Images for object localization:

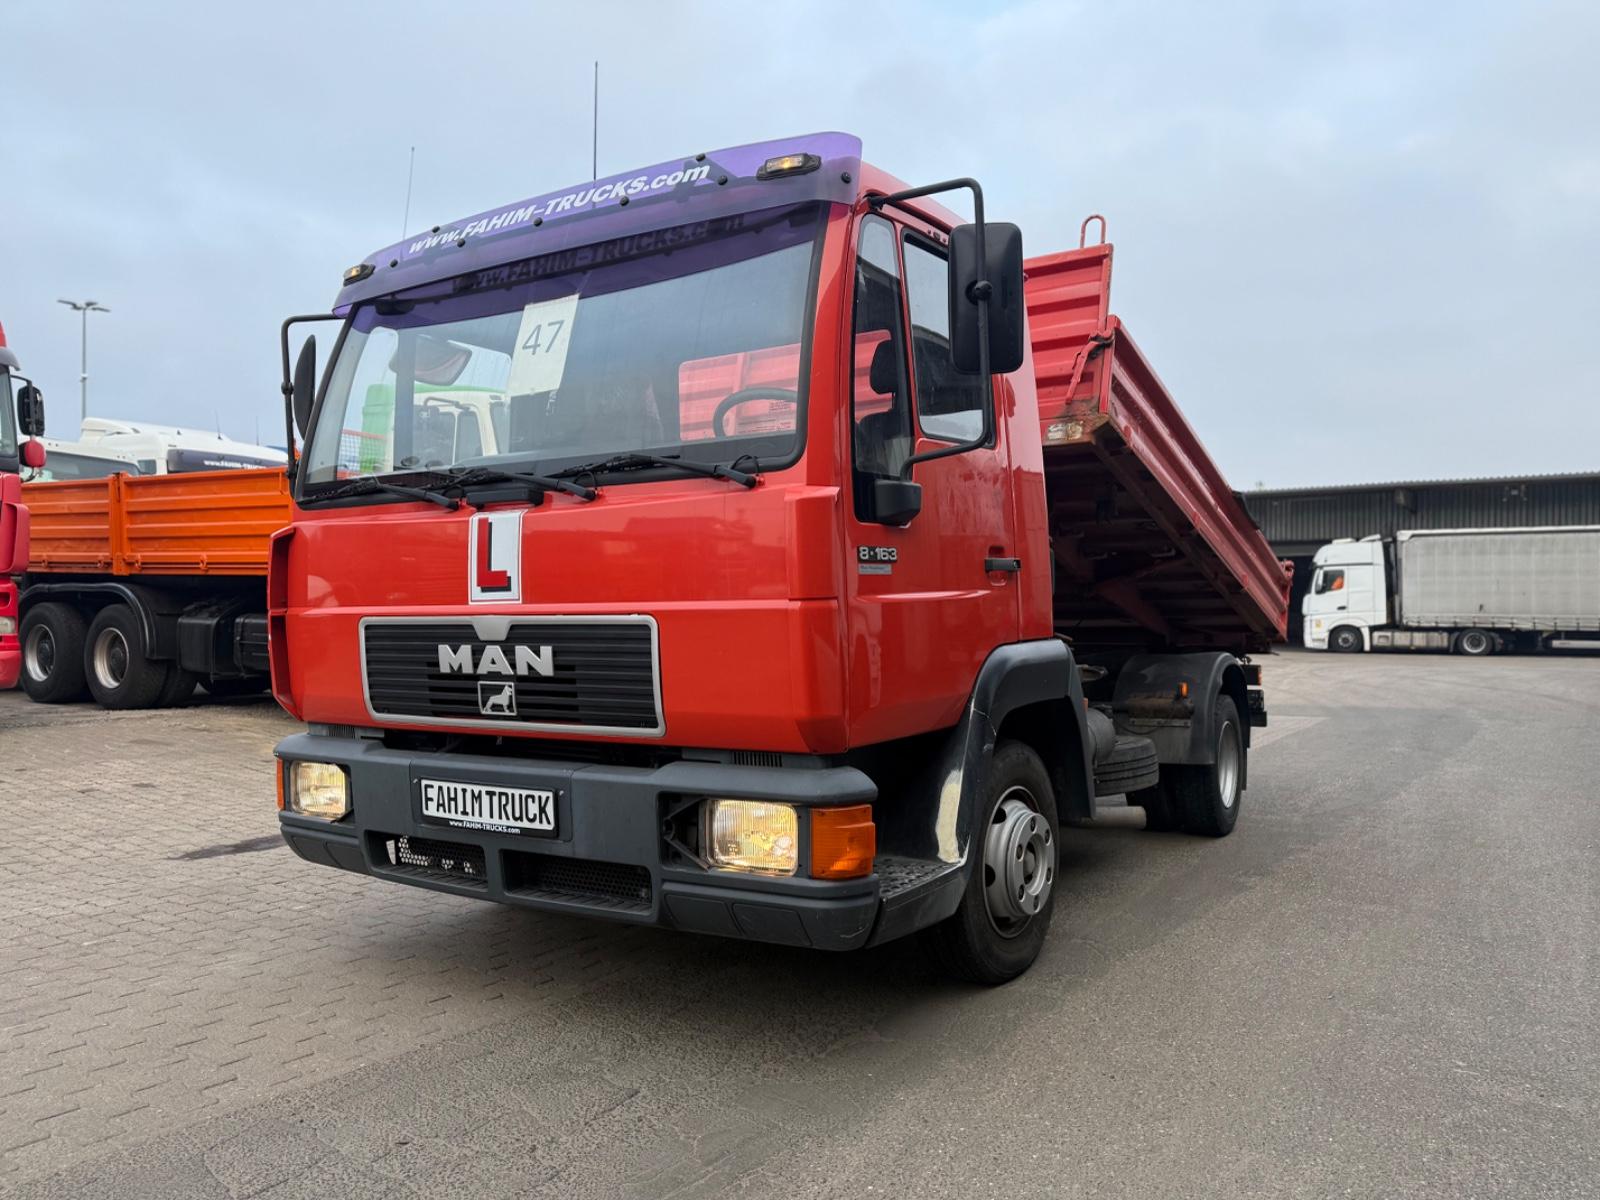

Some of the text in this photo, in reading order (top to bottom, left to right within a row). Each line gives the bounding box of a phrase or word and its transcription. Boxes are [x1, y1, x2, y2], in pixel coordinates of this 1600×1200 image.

[408, 164, 710, 255] www.FAHIM-TRUCKS.com
[522, 319, 566, 356] 47
[477, 516, 512, 592] L
[437, 644, 555, 677] MAN
[423, 783, 552, 826] FAHIMTRUCK
[449, 819, 521, 835] www.FAHIM-TRUCKS.com

# Exercise:
Restate the records word for word and drop the images.

# Solved problem:
Some of the text in this photo, in reading order (top to bottom, left to right within a row). Each line gives the bounding box of a phrase or word and its transcription. Boxes are [x1, y1, x2, y2], in pixel coordinates of this 1600×1200 image.

[408, 164, 710, 255] www.FAHIM-TRUCKS.com
[522, 319, 566, 356] 47
[477, 516, 512, 592] L
[437, 644, 555, 677] MAN
[423, 783, 552, 826] FAHIMTRUCK
[449, 819, 521, 835] www.FAHIM-TRUCKS.com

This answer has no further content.